Work item> Transcribe, without any alteration, only the lines that begin at the line containing "Some of the words" and run to the last line below.

━━ Data for this exercise ━━

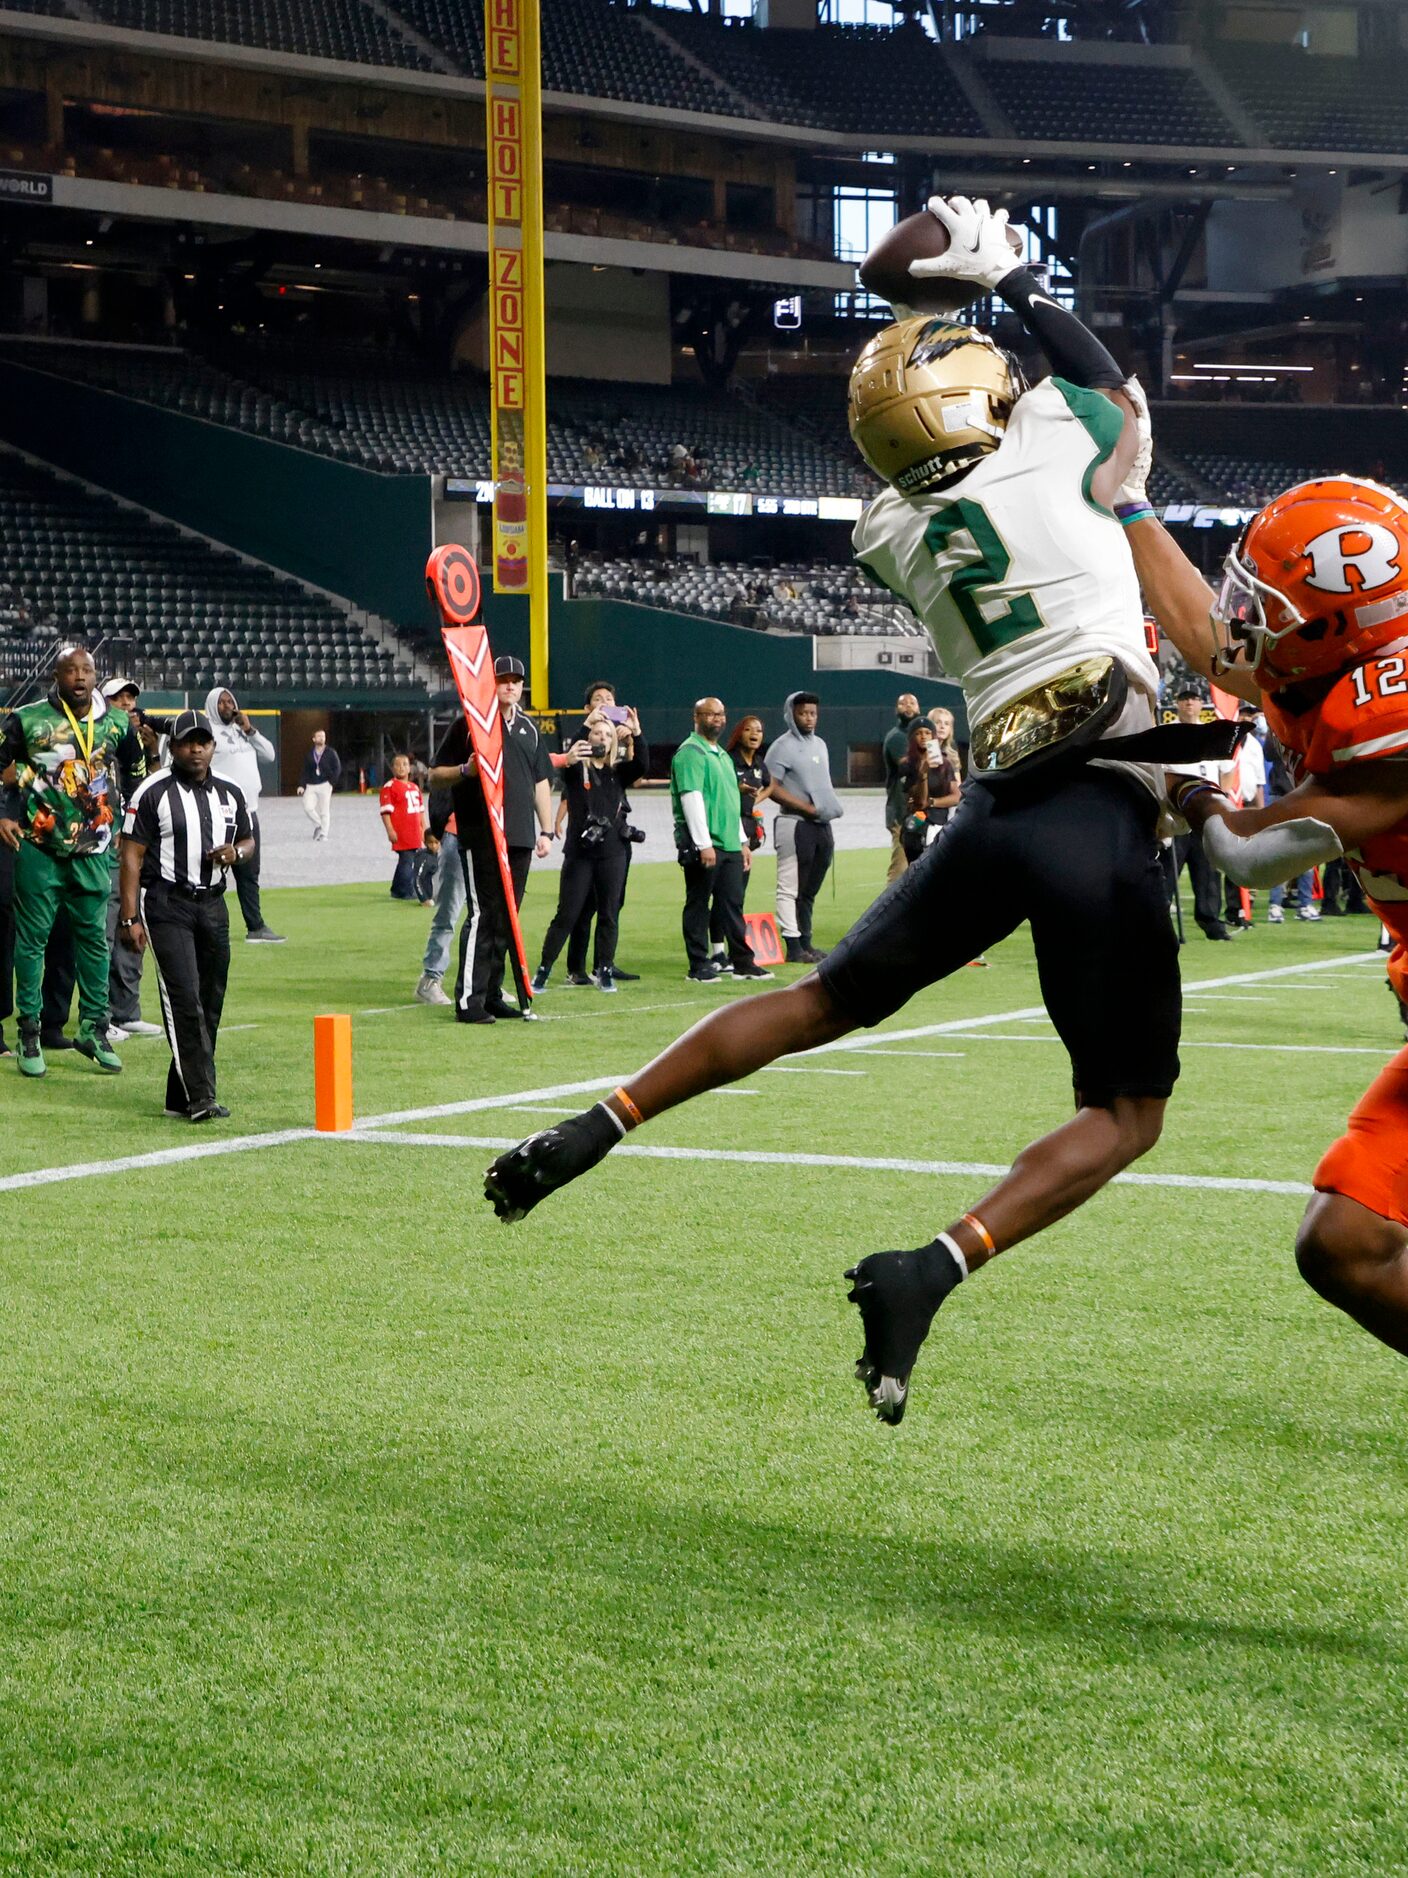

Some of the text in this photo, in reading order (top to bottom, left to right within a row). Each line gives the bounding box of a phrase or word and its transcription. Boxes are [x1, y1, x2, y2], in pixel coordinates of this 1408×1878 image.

[497, 104, 517, 216] HOT
[499, 253, 520, 406] ZONE
[476, 481, 495, 502] 2N
[898, 456, 943, 488] schutt
[923, 497, 1050, 658] 2
[1302, 523, 1402, 594] R
[405, 790, 421, 814] 15
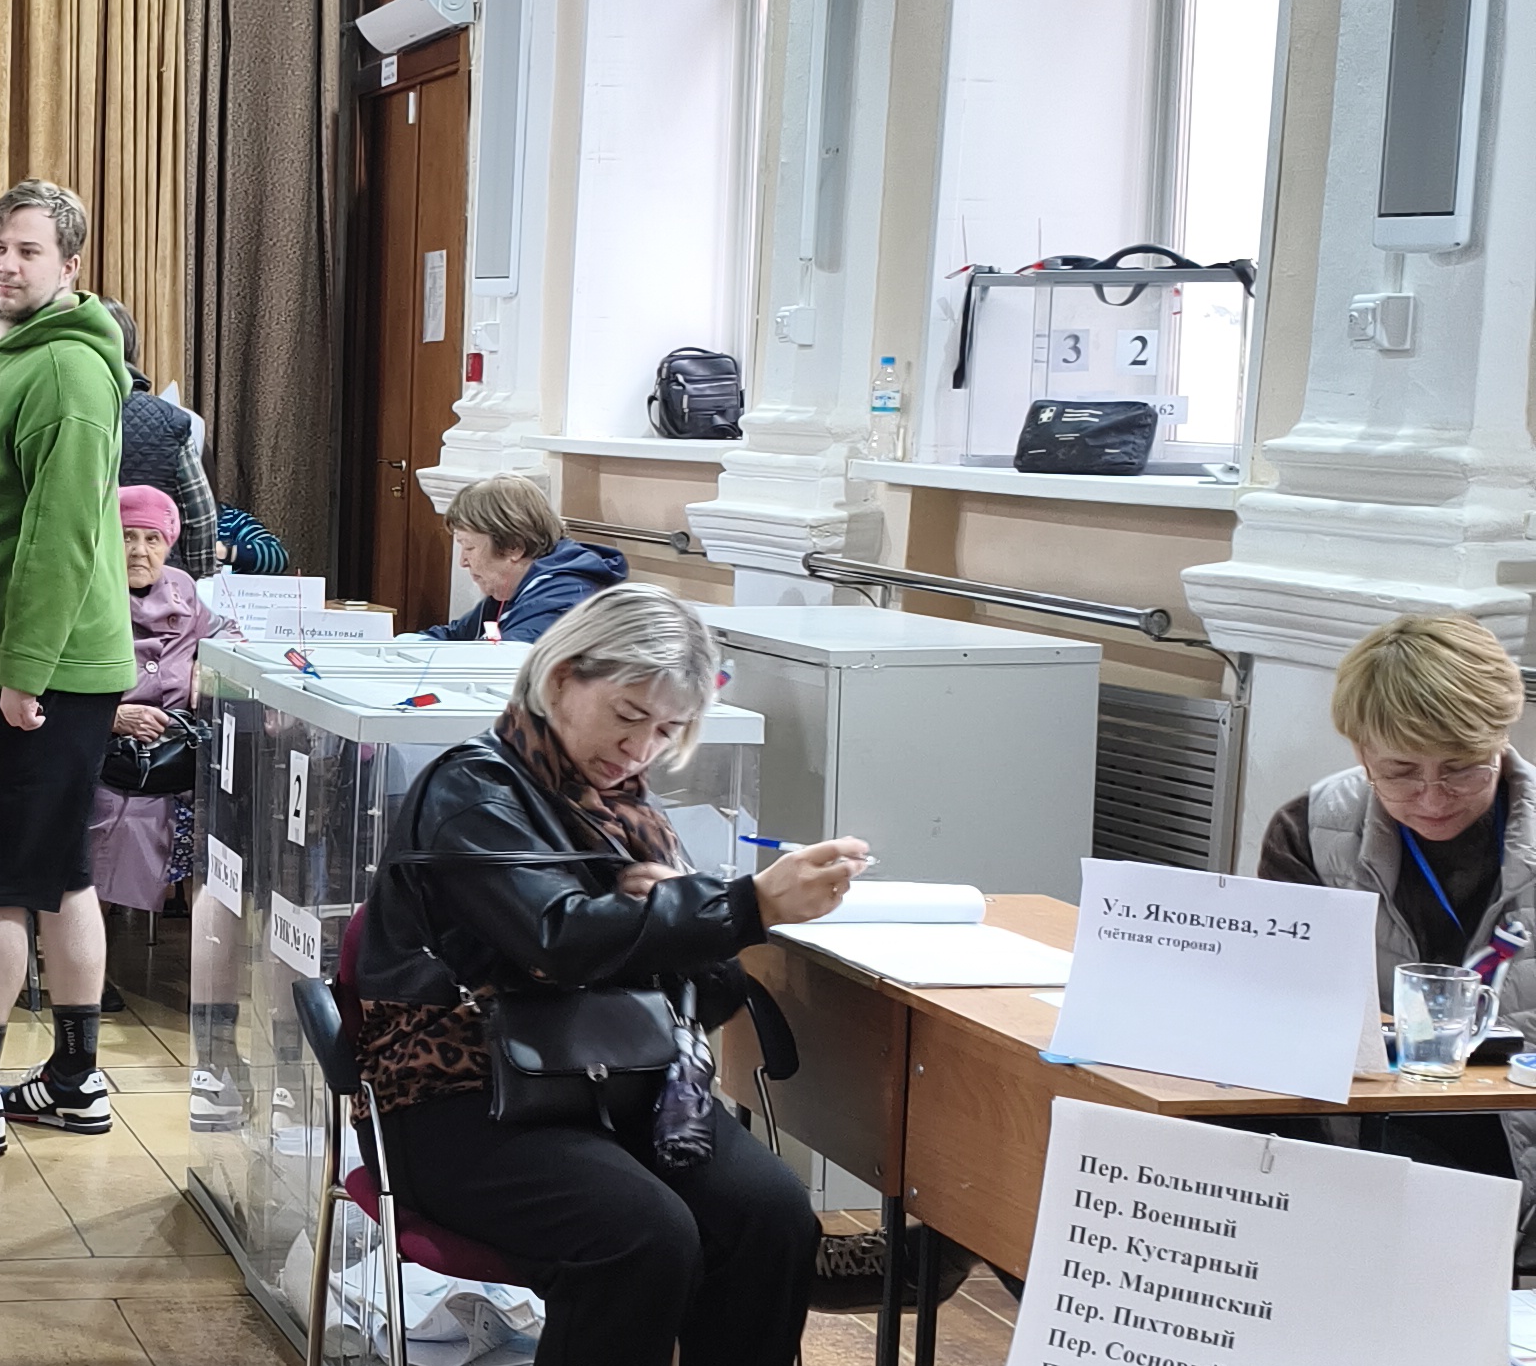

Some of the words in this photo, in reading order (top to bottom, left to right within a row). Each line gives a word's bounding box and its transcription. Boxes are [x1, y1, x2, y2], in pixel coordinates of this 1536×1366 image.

[1062, 334, 1081, 364] 3
[1128, 335, 1149, 366] 2
[275, 626, 295, 637] Пер.
[293, 774, 302, 819] 2
[1102, 897, 1137, 919] Ул.
[1143, 903, 1259, 937] Яковлева,
[1097, 925, 1154, 945] (чётная
[1157, 936, 1222, 955] сторона)
[1077, 1154, 1128, 1183] Пер.
[1136, 1165, 1290, 1212] Больничный
[1072, 1189, 1123, 1219] Пер.
[1131, 1200, 1237, 1238] Военный
[1067, 1224, 1118, 1253] Пер.
[1125, 1235, 1259, 1281] Кустарный
[1061, 1258, 1111, 1288] Пер.
[1119, 1270, 1273, 1321] Мариинский
[1047, 1327, 1096, 1358] Пер.
[1054, 1293, 1104, 1323] Пер.
[1112, 1305, 1235, 1350] Пихтовый

━━━

Your response>
Some of the words in this photo, in reading order (top to bottom, left to right within a row). Each line gives a word's bounding box and its transcription. Boxes are [x1, y1, x2, y2], in pixel coordinates of this 1536×1366 image.

[1062, 334, 1081, 364] 3
[1128, 335, 1149, 366] 2
[275, 626, 295, 637] Пер.
[293, 774, 302, 819] 2
[1102, 897, 1137, 919] Ул.
[1143, 903, 1259, 937] Яковлева,
[1097, 925, 1154, 945] (чётная
[1157, 936, 1222, 955] сторона)
[1077, 1154, 1128, 1183] Пер.
[1136, 1165, 1290, 1212] Больничный
[1072, 1189, 1123, 1219] Пер.
[1131, 1200, 1237, 1238] Военный
[1067, 1224, 1118, 1253] Пер.
[1125, 1235, 1259, 1281] Кустарный
[1061, 1258, 1111, 1288] Пер.
[1119, 1270, 1273, 1321] Мариинский
[1047, 1327, 1096, 1358] Пер.
[1054, 1293, 1104, 1323] Пер.
[1112, 1305, 1235, 1350] Пихтовый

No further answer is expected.